E em quanto á primeira, os senhores Deputados que produzirão esta opinião, sobre a inculcarem como mais liberal, a fundamentarão nos perigos, que podião resultar de não haver hum corpo intermediario, que servisse de medianeiro entre o Rey, e a Nação; pois que dando-se huma só Camera legislativa, e subjeita a facções, e a partidos, era muito de recear, que ré precipitasse sobre o poder ficar, fazendo então degenerar a Monarchia Constitucional (o só Governo que eu desejo, e todos nós desejamos) em Republica, e por consequencia em Anarchia. Em huma palavra adoptarão aquella mesma opinião, que nestes ultimos tempos ha sido a dos celebres Publicistas Beijamin Constant, Lanjuinais, e do benemerito auctor do Campeão Portuguez.

Eu respondo em primeiro lugar, que a machina politica he já de se mesmo muito complicada; e que os Legisladores previdentes, longe de augmentar-lhe as rodas, devem muito principalmente esmerar-se em simplifica-la quanto seja possoivel, e desviar todos os tropeços, que podem embaraçar, e empecer ao seu gyro. Ora, sendo este principio de eterna verdade, julgo eu que muito vamos complicar o nosso pacto social com a creação de huma segunda Camera; mormente quando me lembro que a Nação he huma, e que por analogia a Representação Nacional deve ser huma.

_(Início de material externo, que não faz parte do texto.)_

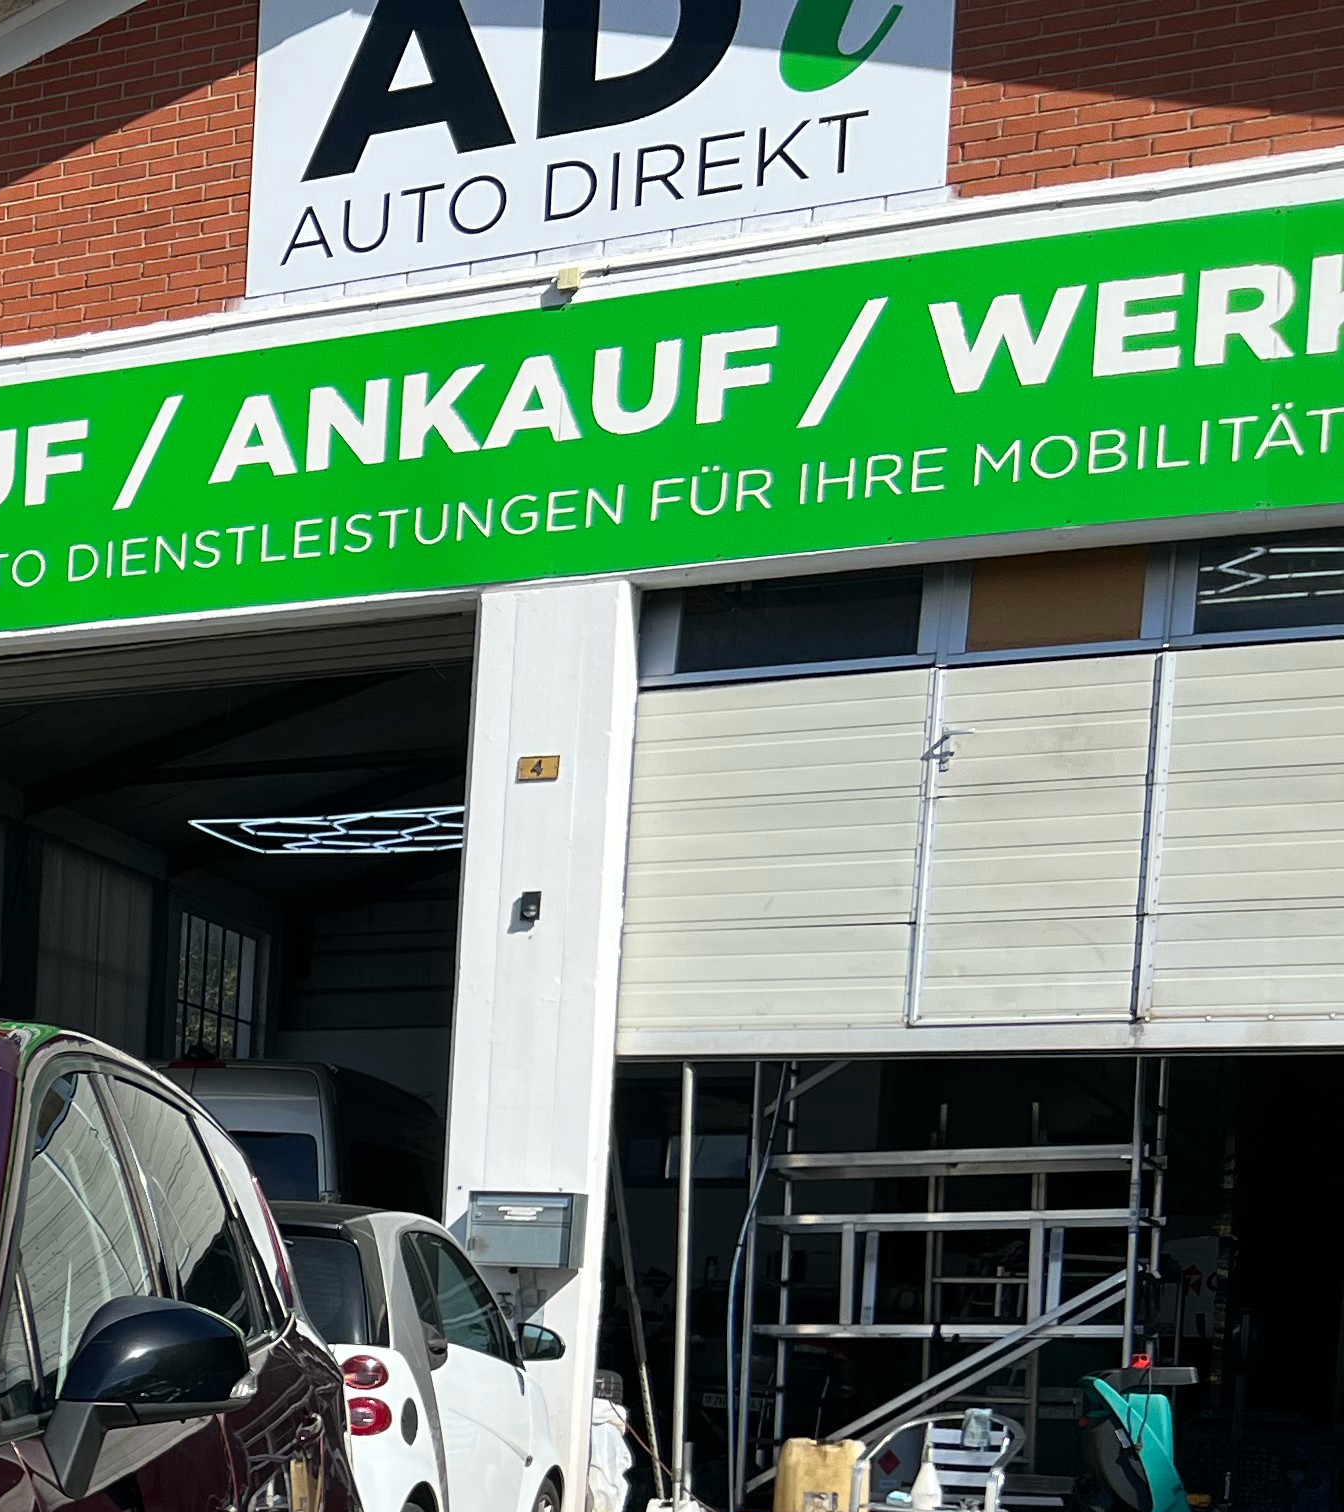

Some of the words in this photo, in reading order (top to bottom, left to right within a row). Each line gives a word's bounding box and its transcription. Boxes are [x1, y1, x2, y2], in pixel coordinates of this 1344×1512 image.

Respondo em segundo lugar, que só respeito por melhor aquella Constituição, que une parece mais accommodada aos costumes, e differentes circunstancias do paiz a que se destina: e levado deste principio he que procuro, quanto o permittem as luzes do seculo em que vivemos, conciliar as nossas novas instituições com os nossos bons, e antigos usos, e costumes. Ora, correndo eu os settecentos annos da vida politica desta Monarchia, nada vejo em sua Historia que se assemelhe com o estabelecimento de duas Cameras, que nos propõe o Senhor Pinheiro: eu não vejo senão Cortes e Rey, Rey e Cortes. Talvez que alguem diga, que nessas mesmas Cortes se contrabalançarão os Poderes, e equilibravão as pertenções dos Tres Estados do Reyno, Clero, Nobreza, e Povo; porque deliberavão em Cameras separadas: mas observo, (sobre não ser exacta a comparação), que não foi esse o nosso bom, e antigo uso e costume desde o berço da Monarchia, e que só na sua velhice, isto he, no fraco reynado do decrepito Cardeal Rey he que pela primeira vez se introduzio nas Cortes de Lisboa de 1579. Os mesmos Filippes, que forão tachados, e com rasão, de usurpadores, se conformarão sempre ao costume antigo, assim nas Cortes de Thomar de 1581, como nas de Lisboa de 1583, e 1619, e só deixou de se pôr em effeito desde a Acclamalção do Senhor D. João IV. em 1641, porque desde então começou a prevalecer o principio de dividir para reynar.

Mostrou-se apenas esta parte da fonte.